I asked Gilbert a question that in my heart felt very difficult, but in my curiosity-driven head felt necessary. Does the fact that he will never be able to literally see the results of his anticipated greatness ever worry him? His answer was selfless and sagacious. “It doesn’t bother me because even if I don’t see, my generation will see. There are times when what you will do, you yourself won’t benefit from it. Other people will come and benefit. So when people come after me and they find out that there was someone called Gilbert who occupied this position or who did this; that one alone is a plus.”

We had reached a point in conversation where I wanted Gilbert to let me into the experience of being blind. I wanted to understand the state in which he’s been for the past 13 years. What do blind people see? Darkness? White light? Is there tangible substance to their vision, or its all blank? How does it all work?

I shut my eyes and told him that all I could see  - which is not even technically possible, if you think about it, because one can’t see with closed eyes – was a darkness that was pitch black, with very minute violet coloured dots scattered across. “Is it the same for you?” I asked. He laughed as I struggled to explain, as I grappled with the words to carry my point across. “Ok,” he began. “You see, when you are blind, people have this perception that you are in darkness, but its not true,” he explained. “How are you in darkness when you are imagining your surroundings all the time?”

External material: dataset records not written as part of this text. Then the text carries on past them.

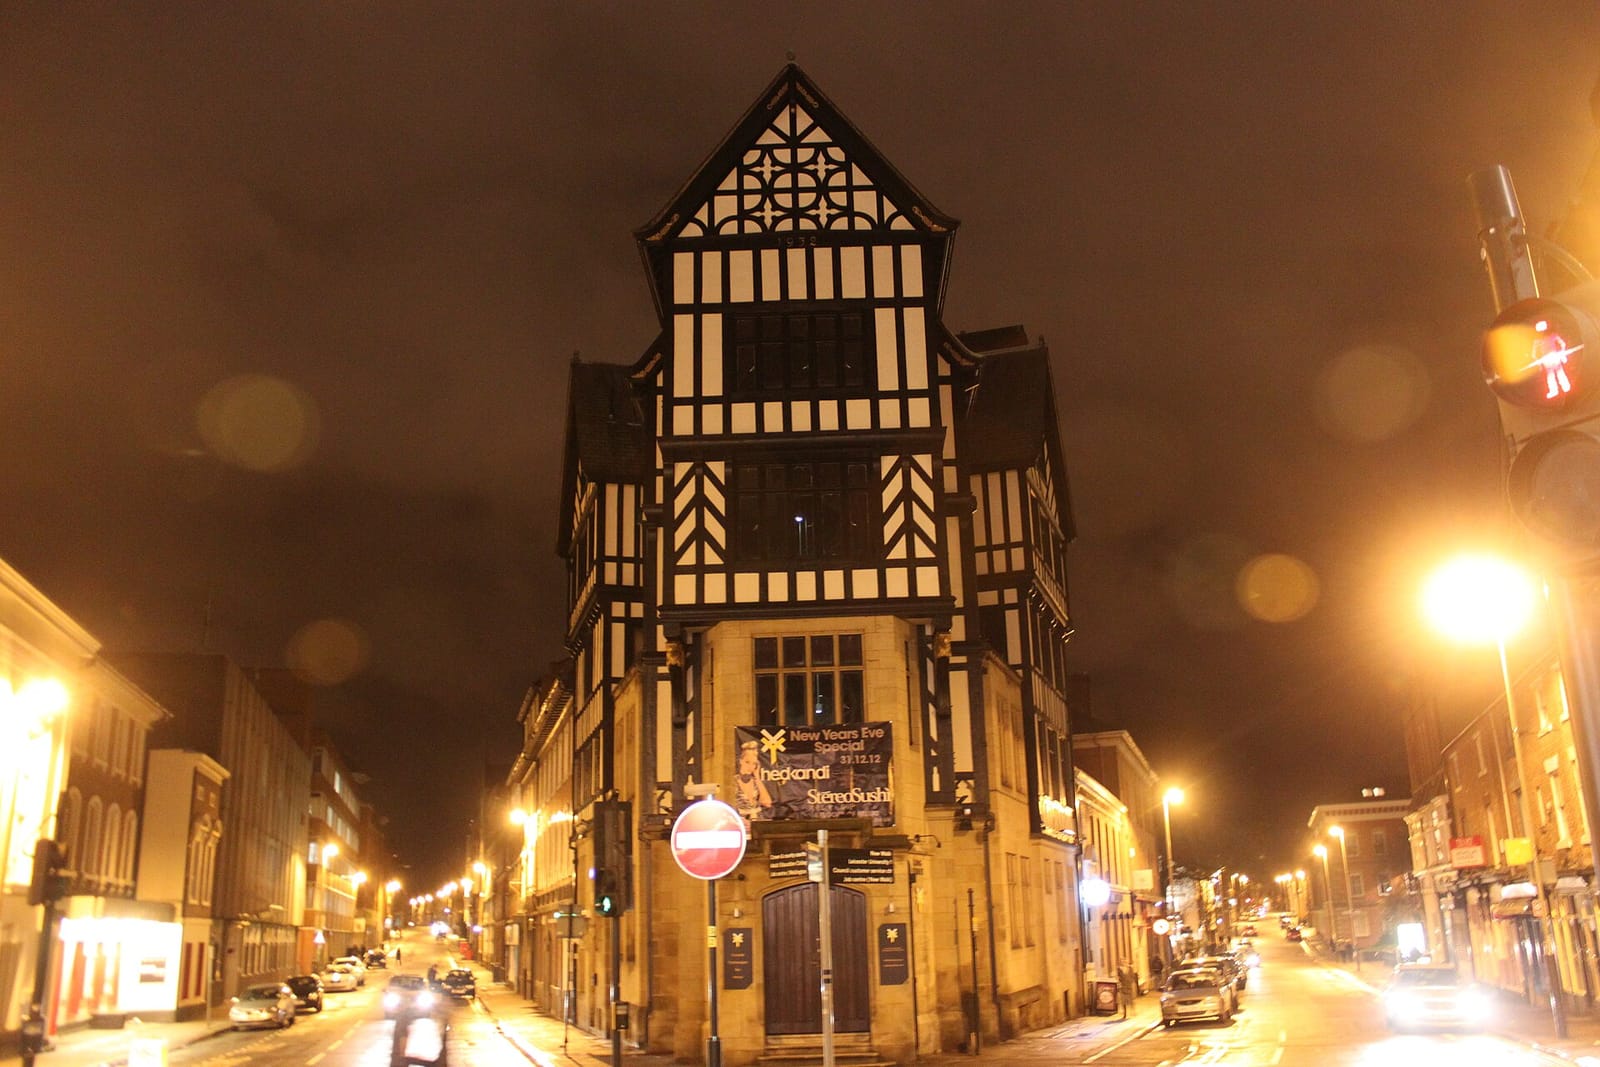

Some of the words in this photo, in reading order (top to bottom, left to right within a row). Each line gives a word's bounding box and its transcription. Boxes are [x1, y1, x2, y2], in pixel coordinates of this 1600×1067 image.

[790, 730, 820, 742] New
[822, 729, 859, 741] Years
[861, 727, 885, 739] Eve
[814, 739, 865, 754] Special
[839, 754, 881, 765] 31.12.12
[760, 765, 830, 782] hedkandi
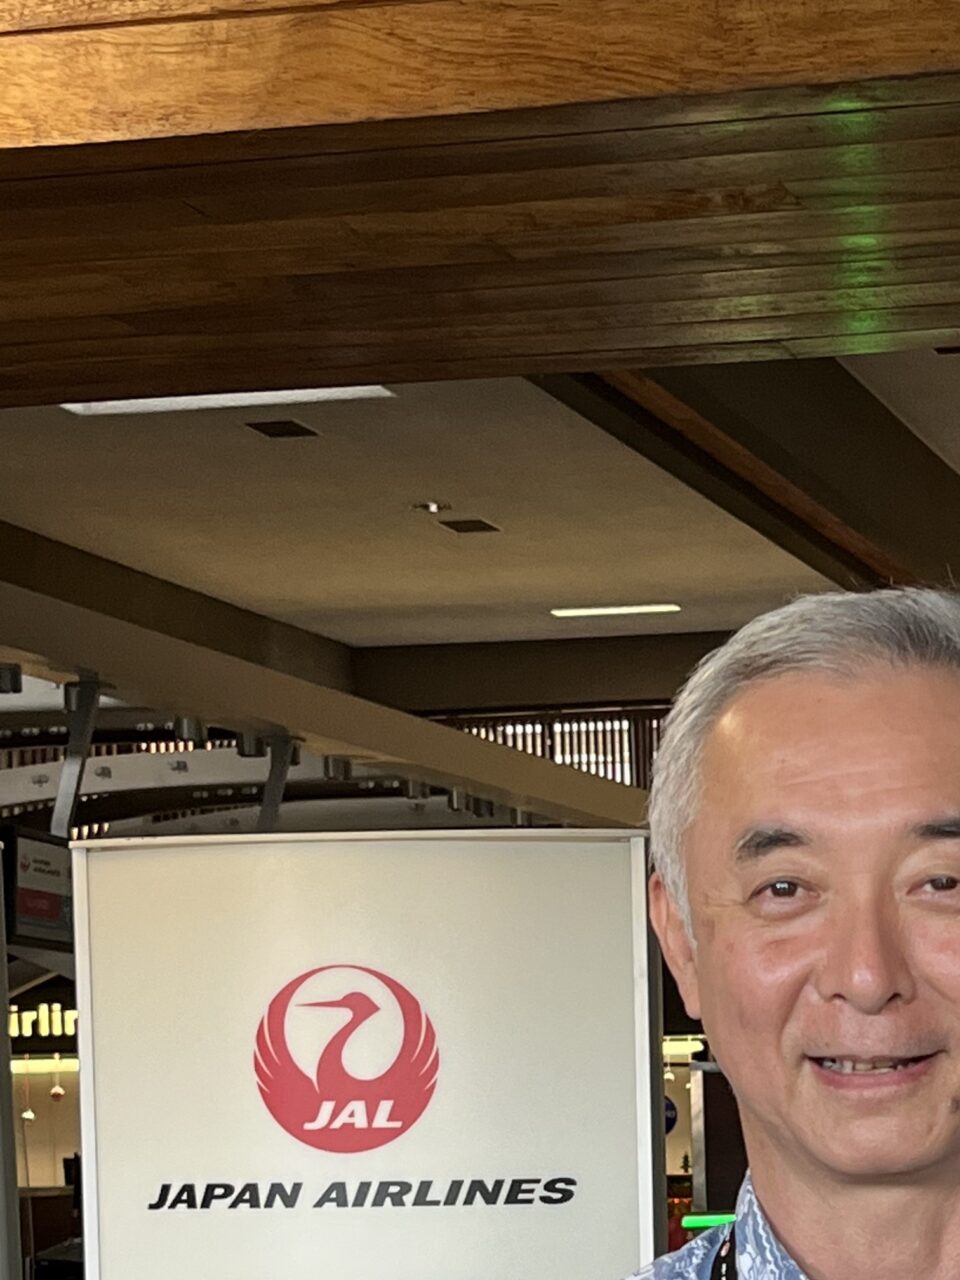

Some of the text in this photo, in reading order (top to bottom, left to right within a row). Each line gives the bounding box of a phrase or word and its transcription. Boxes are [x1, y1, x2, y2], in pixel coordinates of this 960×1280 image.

[303, 1100, 403, 1130] JAL
[147, 1177, 577, 1210] JAPAN AIRLINES
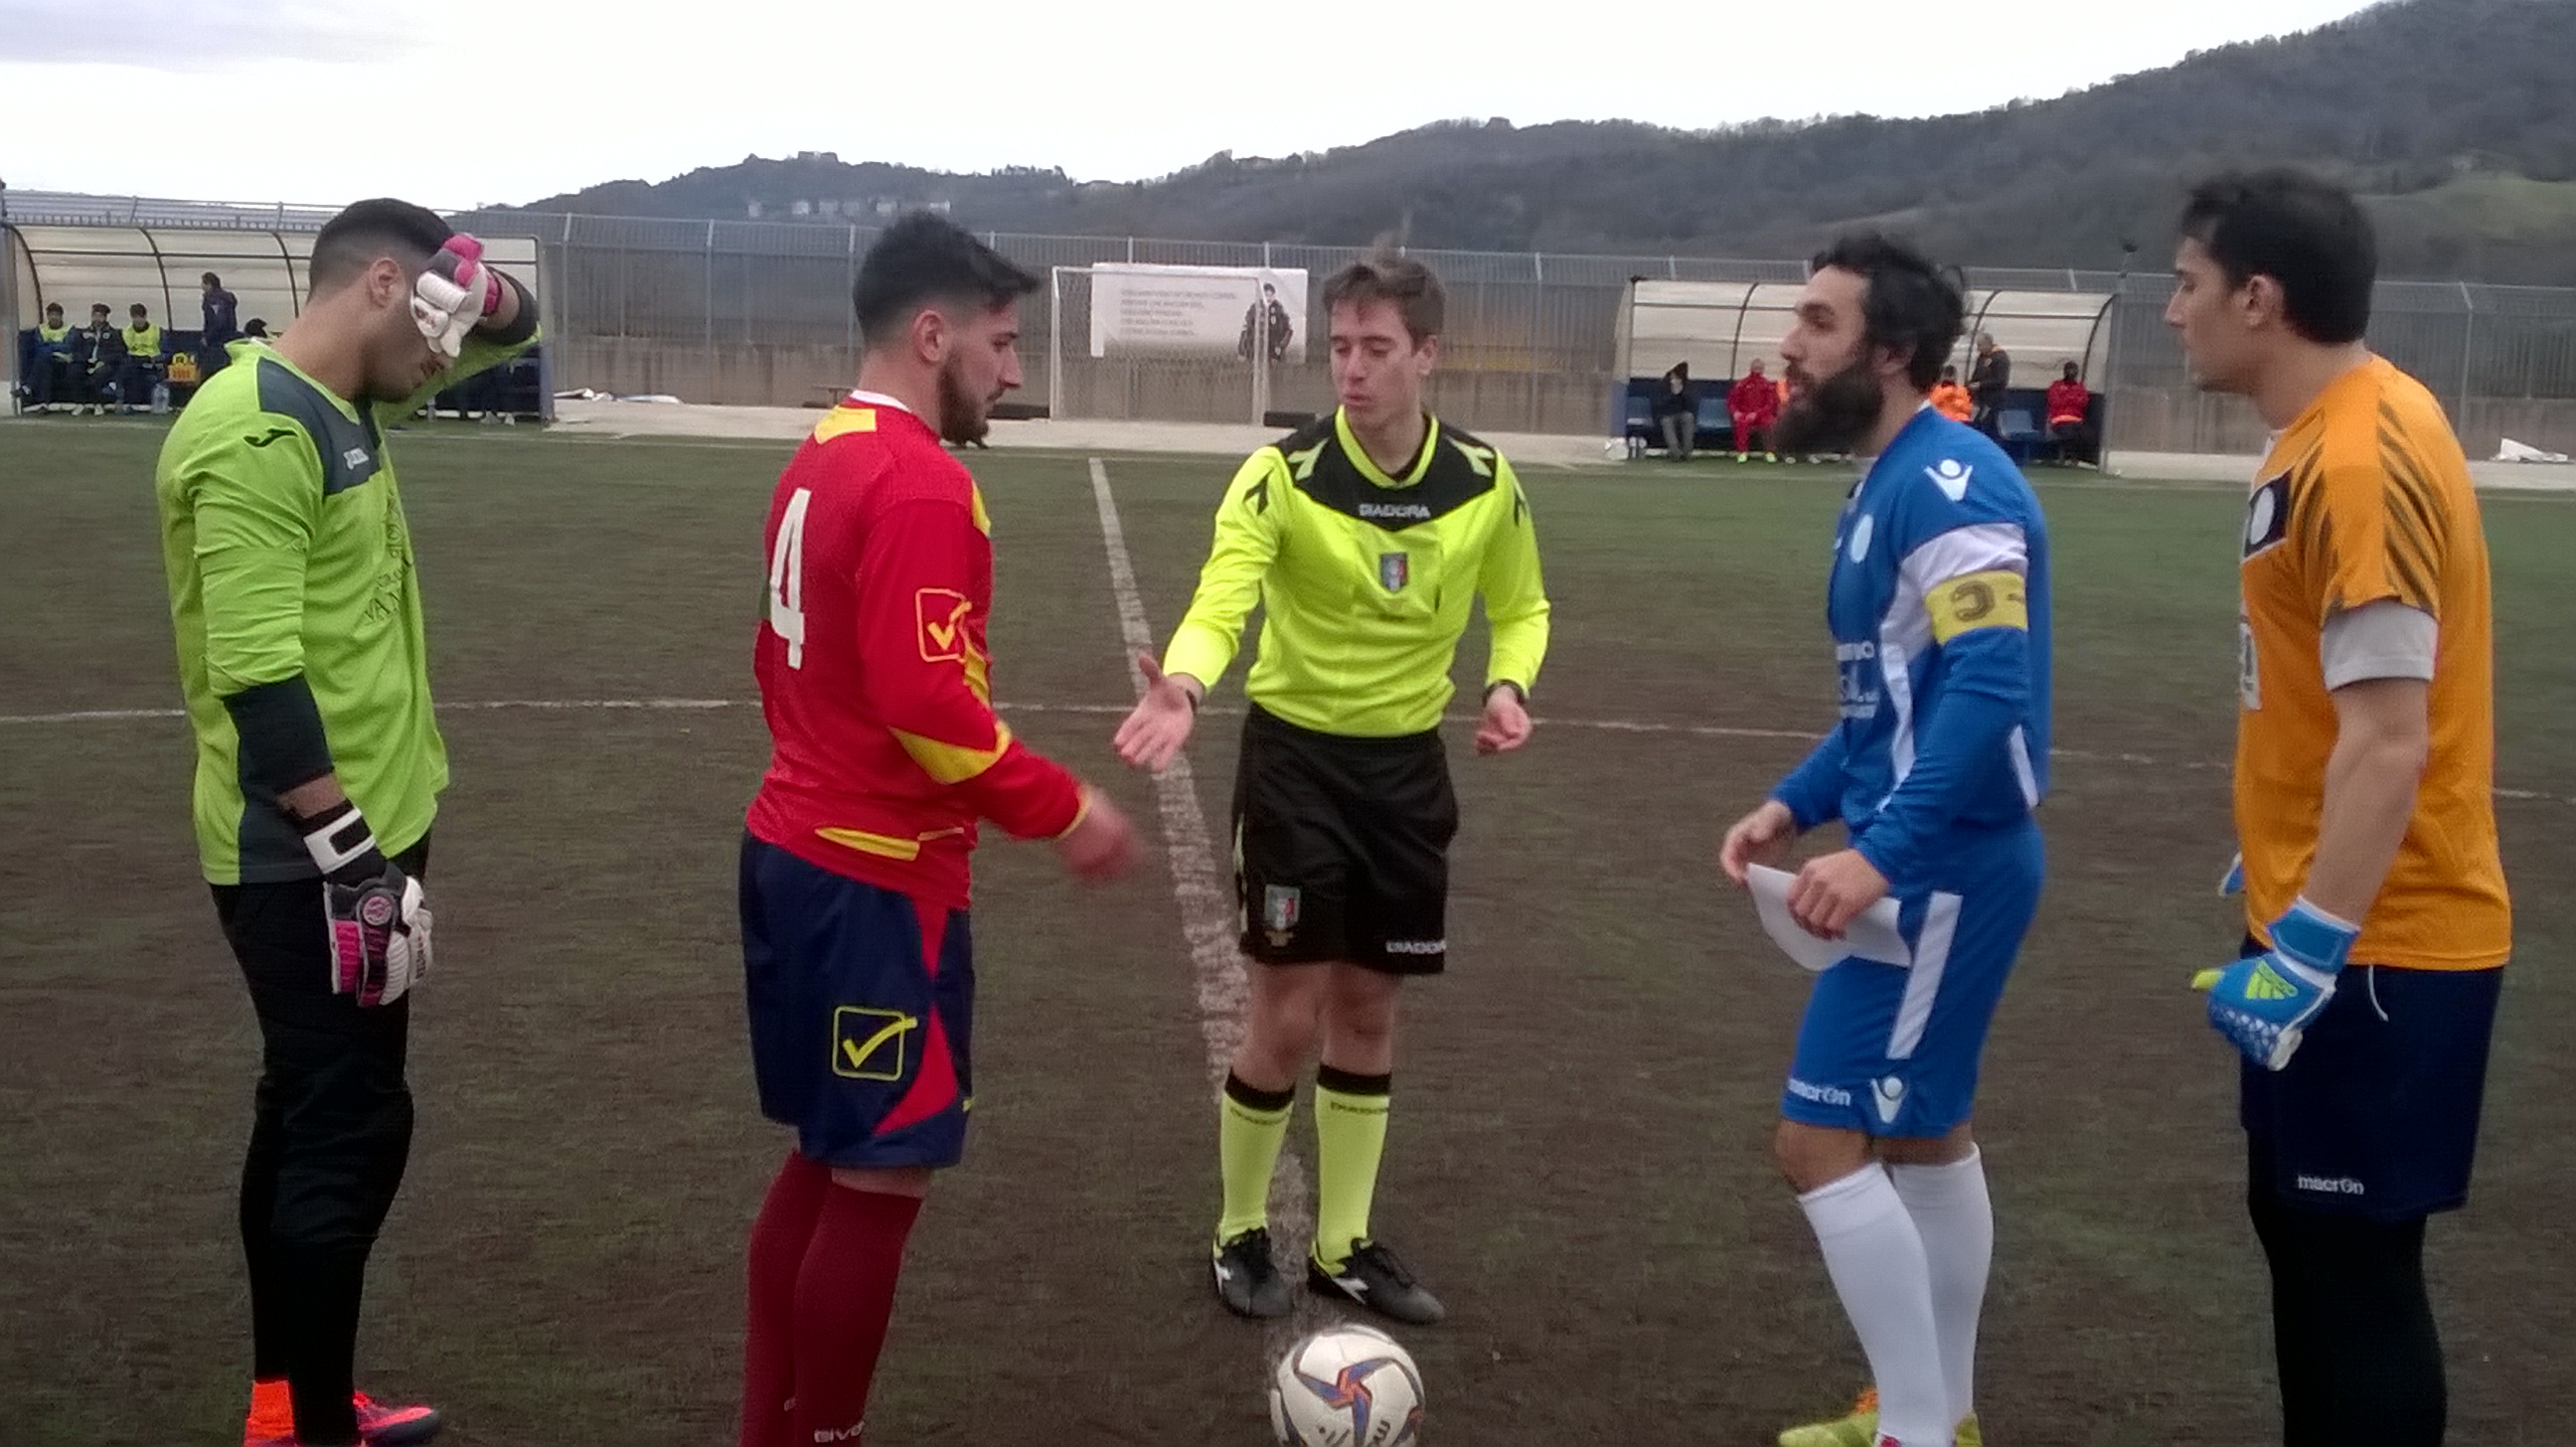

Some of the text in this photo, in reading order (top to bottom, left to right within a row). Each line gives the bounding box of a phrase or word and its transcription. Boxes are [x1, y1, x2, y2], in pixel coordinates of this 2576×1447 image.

[1359, 503, 1430, 519] DIADORA
[770, 487, 811, 670] 4
[2298, 1175, 2364, 1195] macron
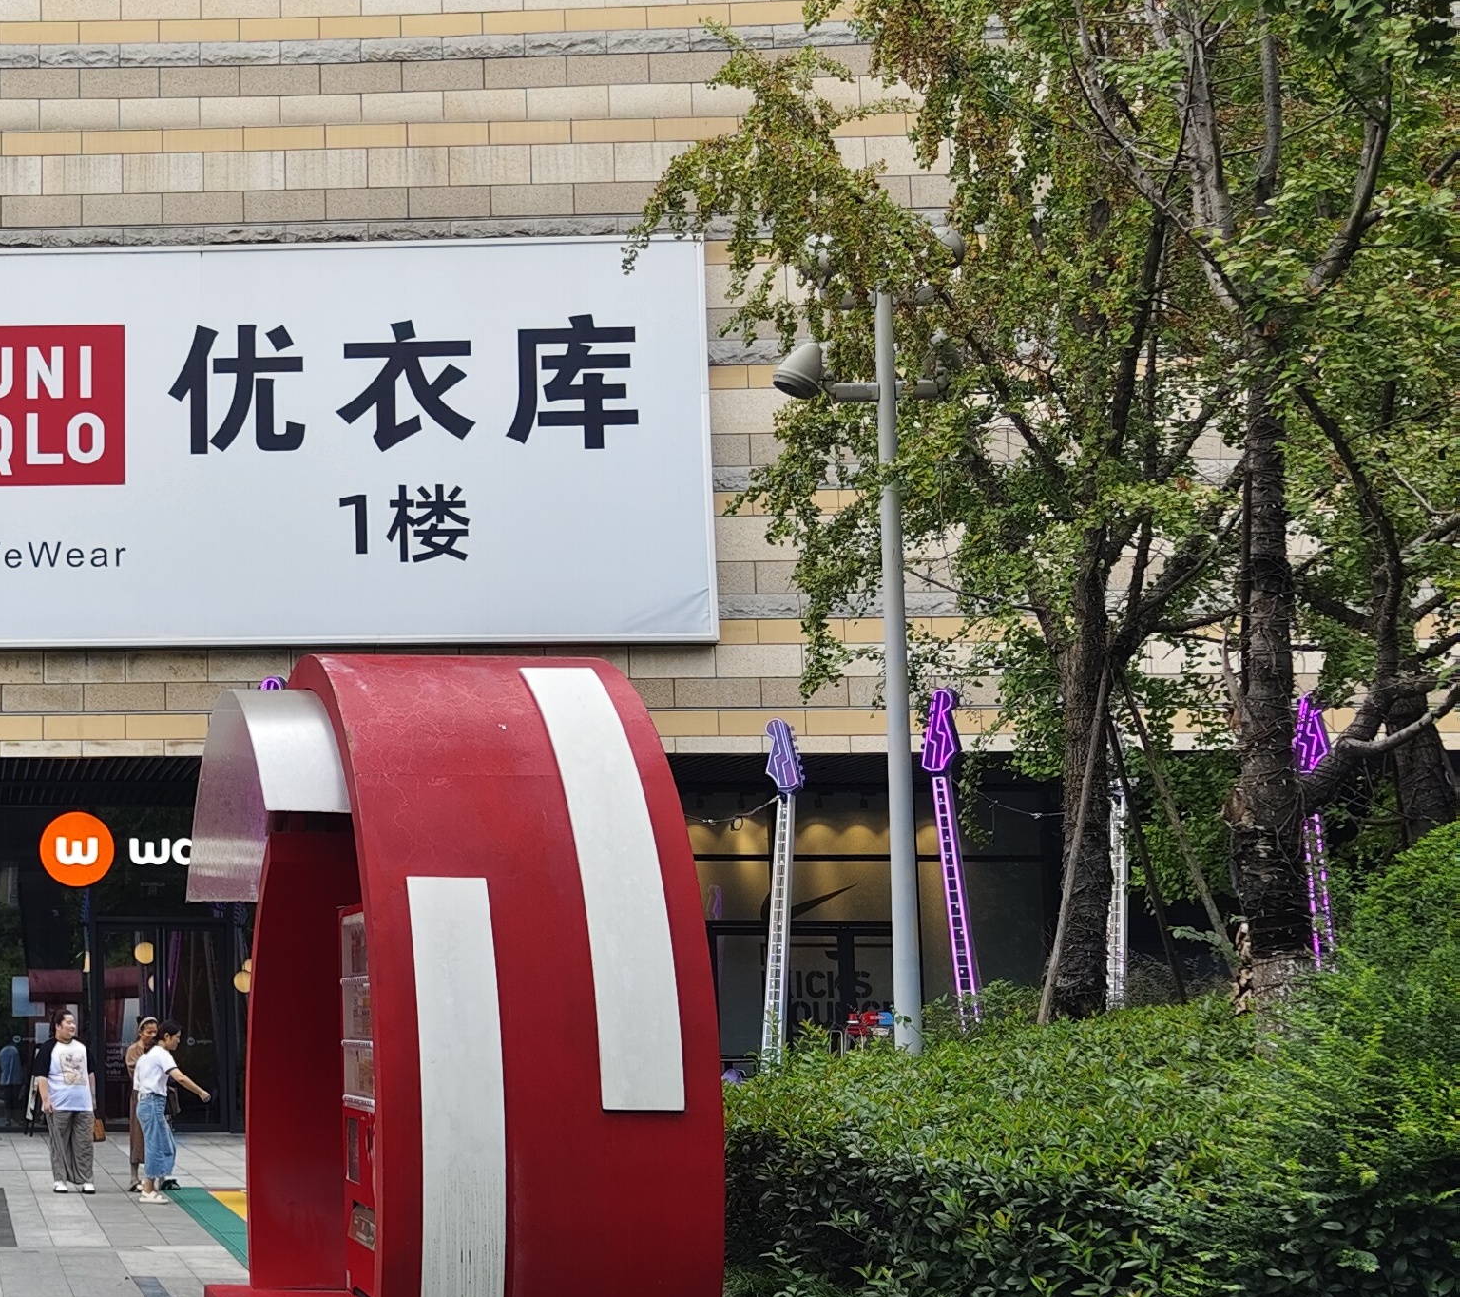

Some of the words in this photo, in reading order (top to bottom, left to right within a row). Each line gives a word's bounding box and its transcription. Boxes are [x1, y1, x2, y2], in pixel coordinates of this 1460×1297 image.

[168, 314, 639, 454] 优衣库
[339, 484, 470, 563] 1楼

“Besides, you can feel things. When it is day, you can feel it. When it is night, you can too. When I'm going somewhere and there’s a building, I can feel it…I can feel that there is something huge in front of me. When there is someone in front of me, too, I can feel the person’s presence, just that I won’t be able to tell who it is, unless I catch a whiff of their perfume or natural scent. You know people have natural scents right?” he continued.

I looked at my phone and realized that we had been speaking for just over an hour.  Andre and I were due to attend a Human Resource Management (under Political Science) lecture at 3.30pm and it was almost 3, and so we said our goodbyes to Gilbert, who in turn said he was going to take a nap as he had no lecture to attend for the rest of the day. I told him I hoped to start writing a long-form feature on him soon. He was excited. “That’s great,” he said, his face creased with a heartwarming beam. “I’m ready to give you any information you need to make it a great article. I enjoyed this conversation.”

As Andre and I angled into the corridor just outside of Gilbert’s room, we both looked at each other momentarily, without saying a word, and continued walking. Gilbert’s story had had us dumbfounded.

“Life!” I finally managed to say.

“Oh chale!” he responded, shaking his head.